Qu’y a-t-il dans un nom?
“Qu’y a-t-il dans un nom? Ce que nous appelons rose, par n’importe quel autre nom sentirait aussi bon.” William Shakespeare
Ce cher Will a bien sûr raison et pourtant, il y a tant à dire sur le nom de la rose, surtout sur son nom botanique latin. D’où viennent ces noms, qui les a inventés, qui les attribue, que signifient-ils, pourquoi les utiliser? Je me propose de tirer parti de ce répit hivernal dans les travaux de jardin pour aborder en résumé et très simplifié ce sujet complexe.
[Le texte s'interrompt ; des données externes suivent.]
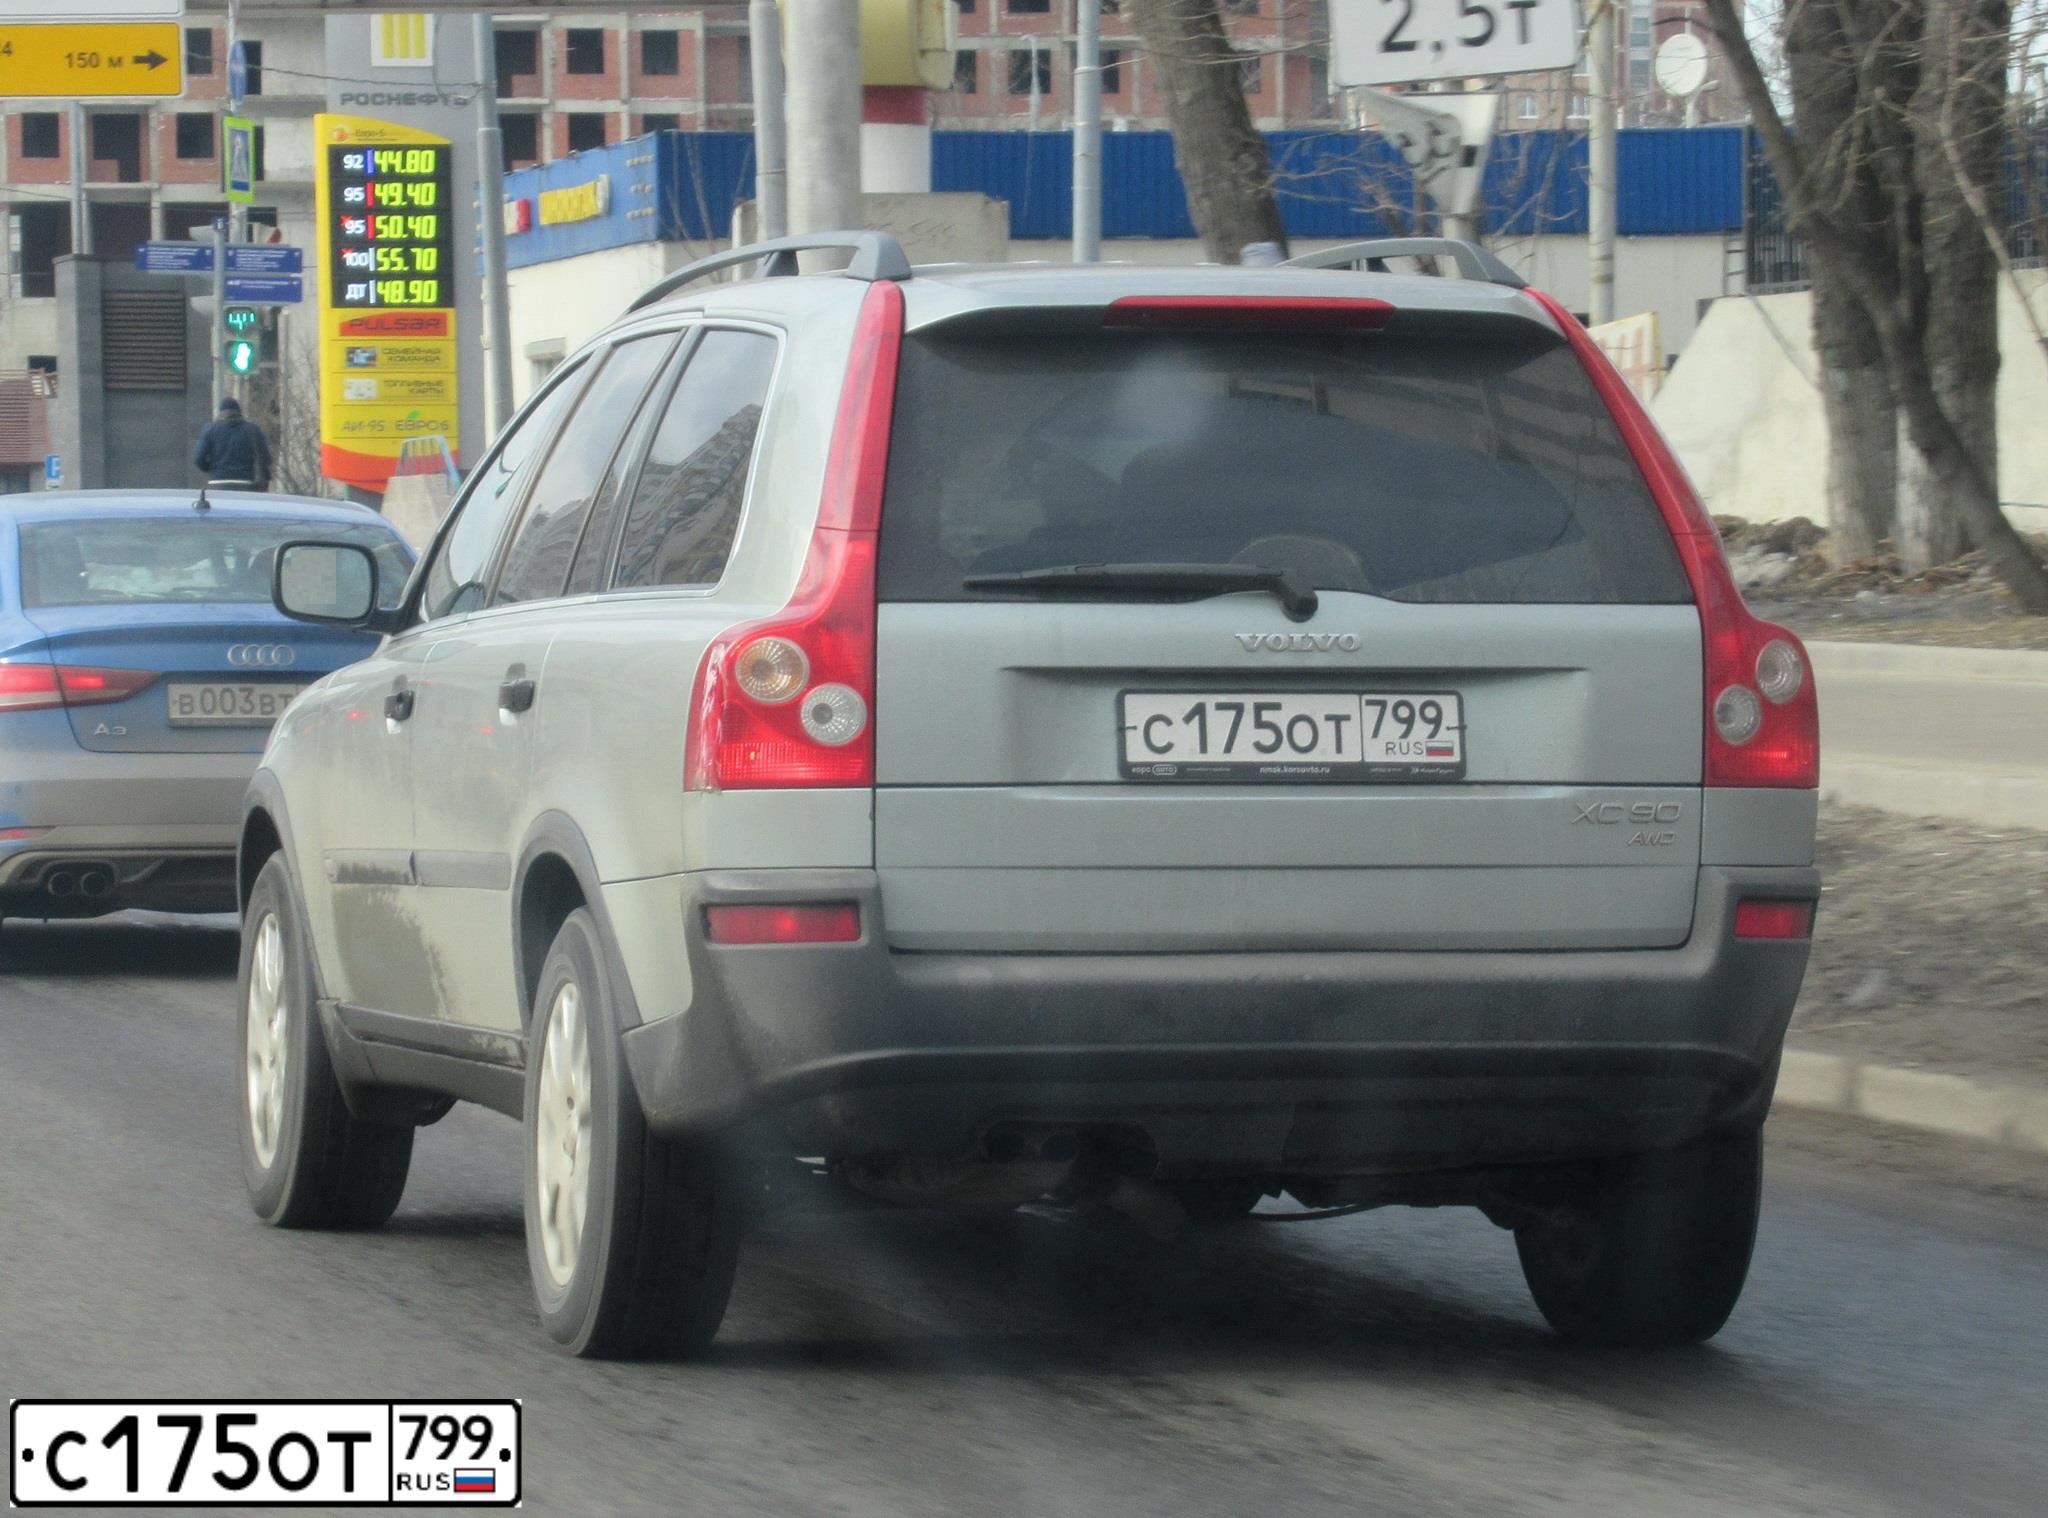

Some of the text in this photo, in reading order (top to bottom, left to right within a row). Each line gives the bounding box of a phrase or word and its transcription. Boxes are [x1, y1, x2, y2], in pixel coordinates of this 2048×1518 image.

[65, 53, 100, 68] 150
[340, 92, 469, 106] РОСНЕФТЬ
[343, 150, 436, 173] 92 44.80
[344, 182, 436, 206] 95 49.40
[344, 215, 437, 238] 95 50.40
[343, 247, 438, 271] 100 55.70
[345, 280, 438, 304] ДТ 48.90
[1235, 633, 1361, 651] VOLVO
[94, 723, 127, 736] A3
[1143, 699, 1444, 754] С175ОТ 799
[1385, 741, 1425, 756] RUS
[1627, 831, 1675, 847] AWD
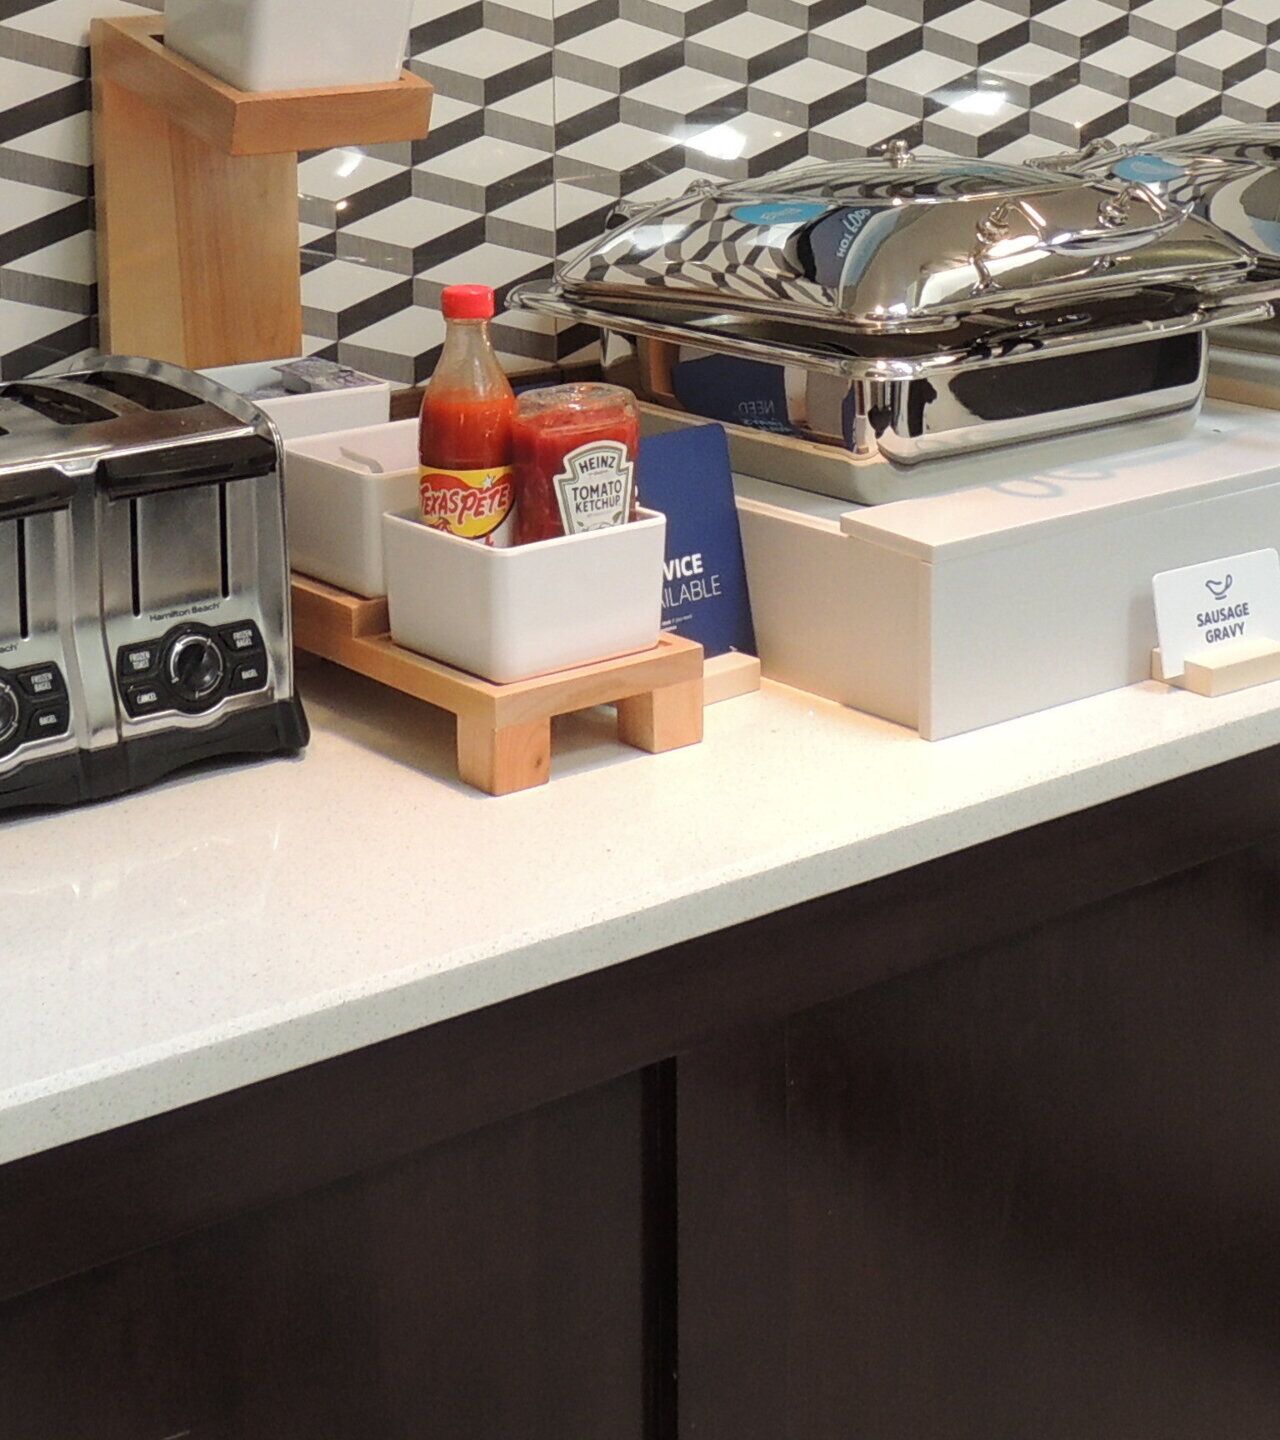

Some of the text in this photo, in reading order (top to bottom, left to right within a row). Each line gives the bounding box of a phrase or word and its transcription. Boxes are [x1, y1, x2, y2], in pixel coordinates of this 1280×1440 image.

[578, 455, 616, 474] HEINZ
[572, 480, 621, 501] TOMATO
[575, 496, 620, 514] KETCHUP
[150, 603, 220, 622] Hamilton Beach
[1196, 602, 1250, 627] SAUSAGE
[1205, 621, 1245, 644] GRAVY
Il y a 20 ans, j’avais fait le constat d’une divergence croissante entre le nombre de gens qui se passionnaient pour les plantes et le nombre de ceux qui possédaient encore des notions de latin et de grec ancien. Je m’étais dit que c’était dommage, car beaucoup d’informations précieuses ou amusantes étaient perdues pour l’utilisateur. De plus, la mémorisation de ces noms complexes est beaucoup plus difficile quand on n’en comprend pas le sens. Quand on sait par exemple que luteus veut dire jaune, la Paeonia lutea n’a plus de secrets … On ne pouvait pas s’attendre à ce tout un chacun aie suivi 6 ans de ce que l’on appelait joliment les humanités gréco-latines, chose encore courante à ma génération. Je me suis donc lancée dans une introduction simple et décomplexée au latin botanique, à la portée de tous les jardiniers et ai eu la chance de trouver Larousse pour m’éditer (et semer à tout vent). La première édition de Le Latin de mon jardin date de 2003 et ne se trouve plus que d’occasion. Une version revisitée et plus accessible fut publiée en 2011 sous le titre Le Latin du jardin. Cette édition bénéficie heureusement d’une seconde vie sur Kindle. La couverture vous promet d’apprendre à parler plantes couramment: ce n’est pas moi qui ai inventé ce slogan commercial! Par contre j’ai bien dit: “Quand les noms prennent un sens, c’est tout le jardin qui prend vie!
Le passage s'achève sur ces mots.